701 Polarized Radiative Transfer in the CRTM

Tuesday, 8 January 2019
Hall 4 (Phoenix Convention Center - West and North Buildings)
Tom Greenwald, Univ. of Wisconsin–Madison, Madison, WI; and B. T. Johnson and R. Bennartz

An important goal of this JCSDA-funded project is to compute the Stokes parameters (i.e., I, Q, U, and V) within the Community Radiative Transfer Model (CRTM), which will have important applications in cloud retrievals and in data assimilation by improved use of satellite instruments that measure partially or fully polarized radiation. For example, it has been shown that not accounting for polarization generated by clouds, atmospheric molecules and the ocean/land surface in retrieving cloud properties from reflected solar radiation can produce errors as large as 15% in the retrieved properties. Also, having the ability to compute polarized radiances will allow satellite instruments like WindSat, which measures fully polarized (Stokes vector) radiation at select microwave frequencies for observing the near-surface wind vector over the oceans, to be fully exploited in radiance data assimilation.

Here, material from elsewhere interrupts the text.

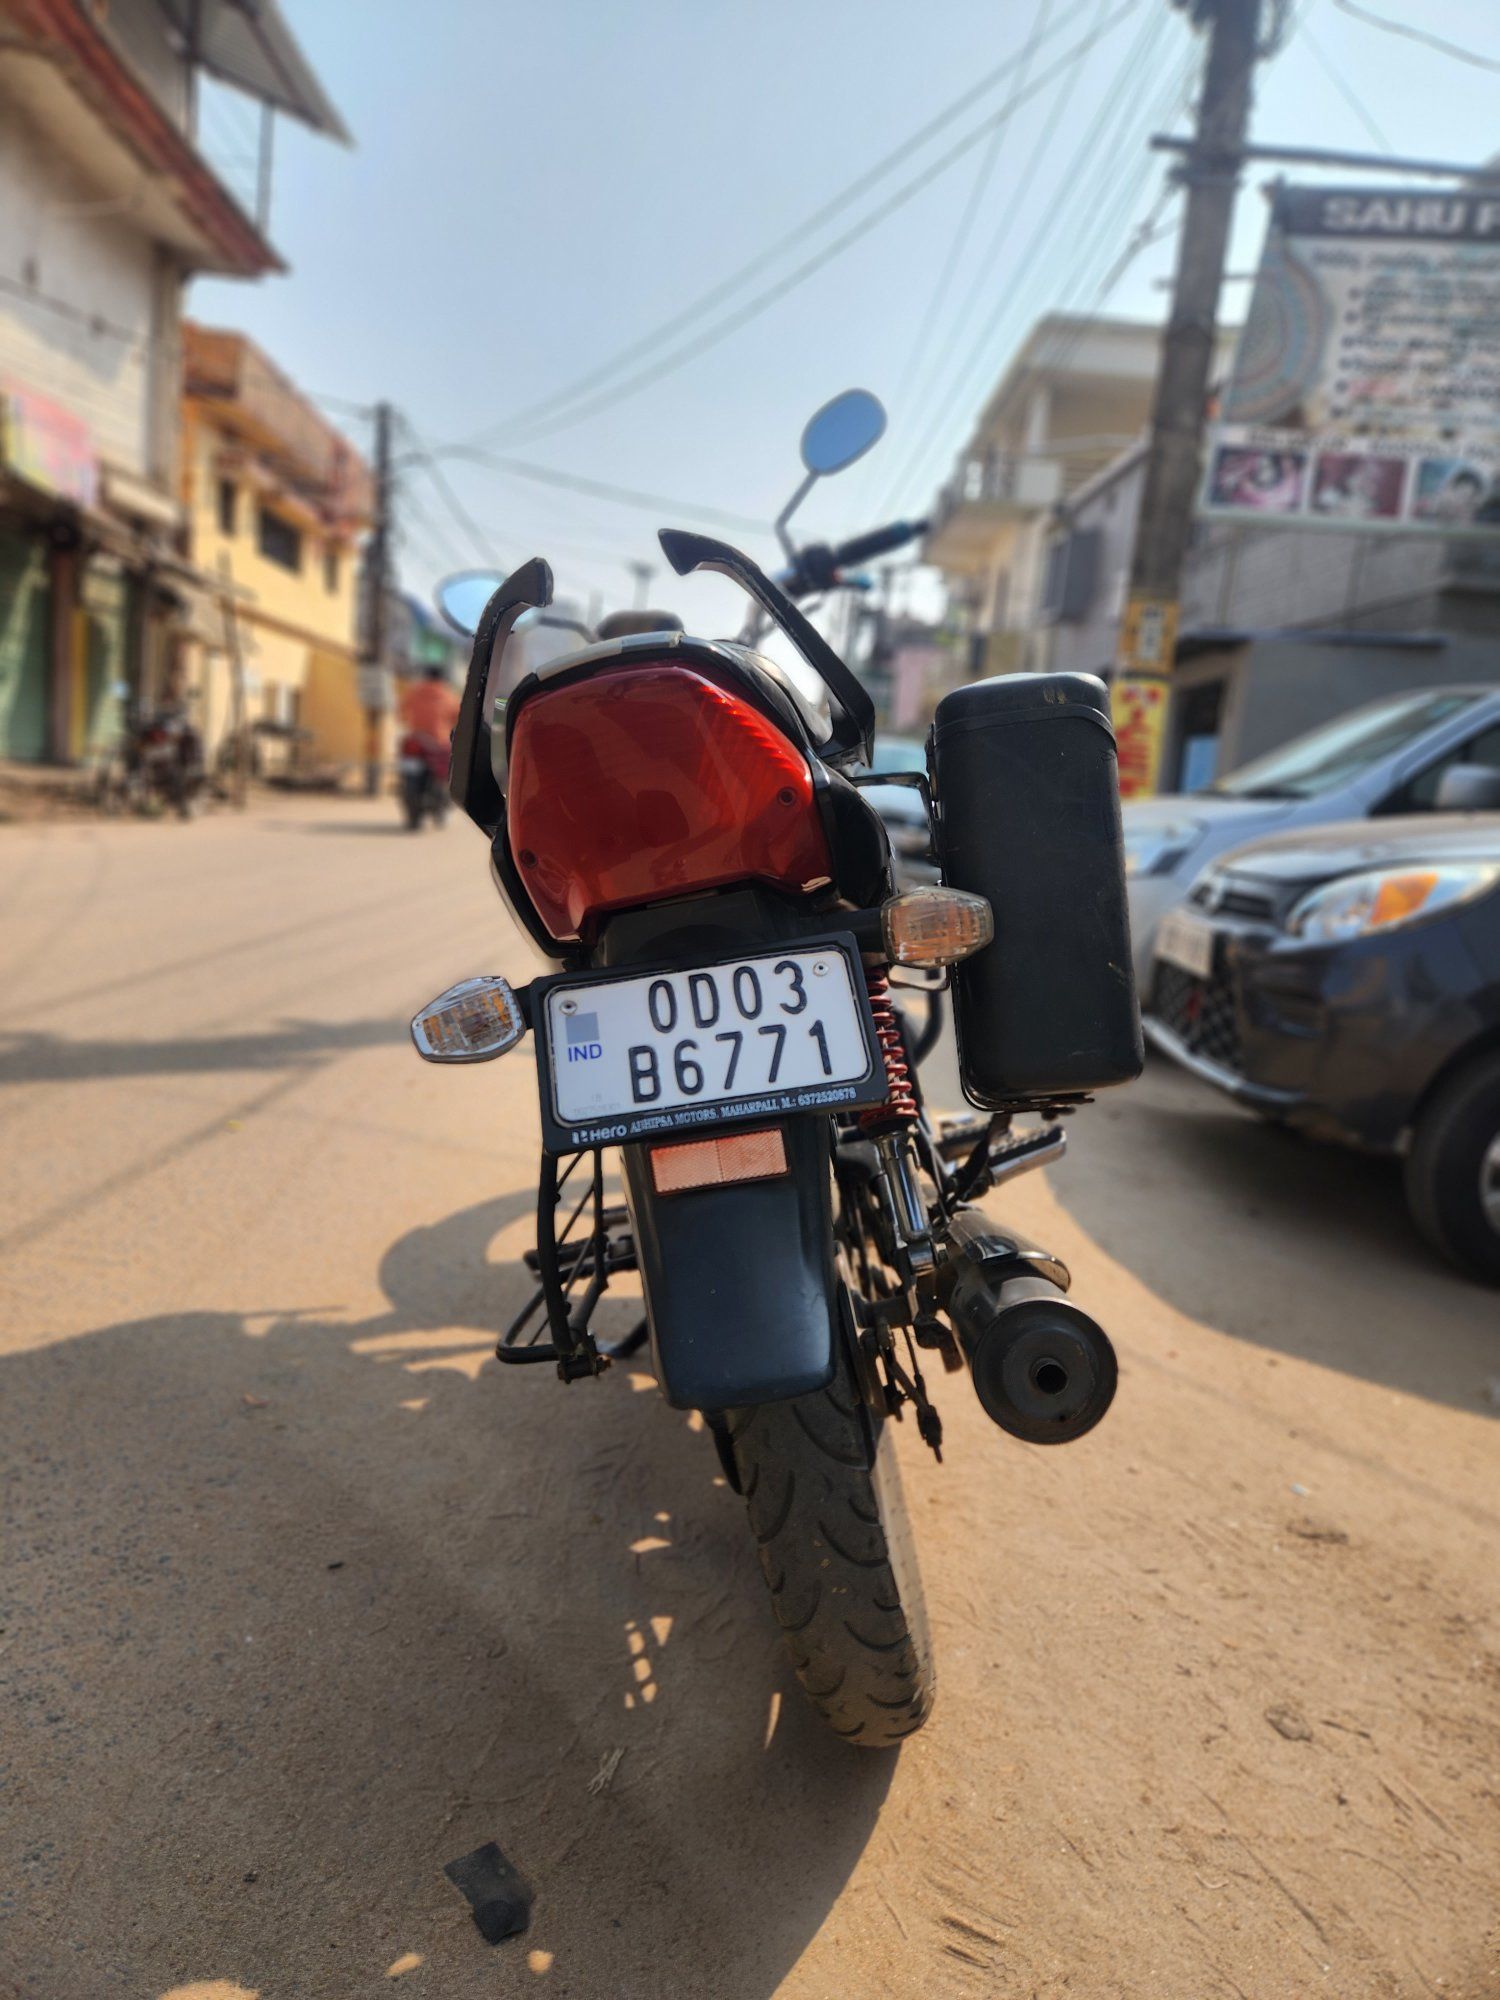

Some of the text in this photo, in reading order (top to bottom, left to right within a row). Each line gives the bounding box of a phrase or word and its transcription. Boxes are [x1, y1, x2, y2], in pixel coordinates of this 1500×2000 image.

Our main effort will involve integrating an advanced vector adding-doubling RT model for solar wavelengths into the CRTM. At infrared and microwave wavelengths, there will also be an effort to utilize existing polarized (I, Q) 2-stream and 4-stream models as well as to develop a new vector Eddington RT model. The accuracy of these models will be evaluated under different conditions as compared to benchmark calculations made by the vector version of the discrete ordinate RT model (VDISORT).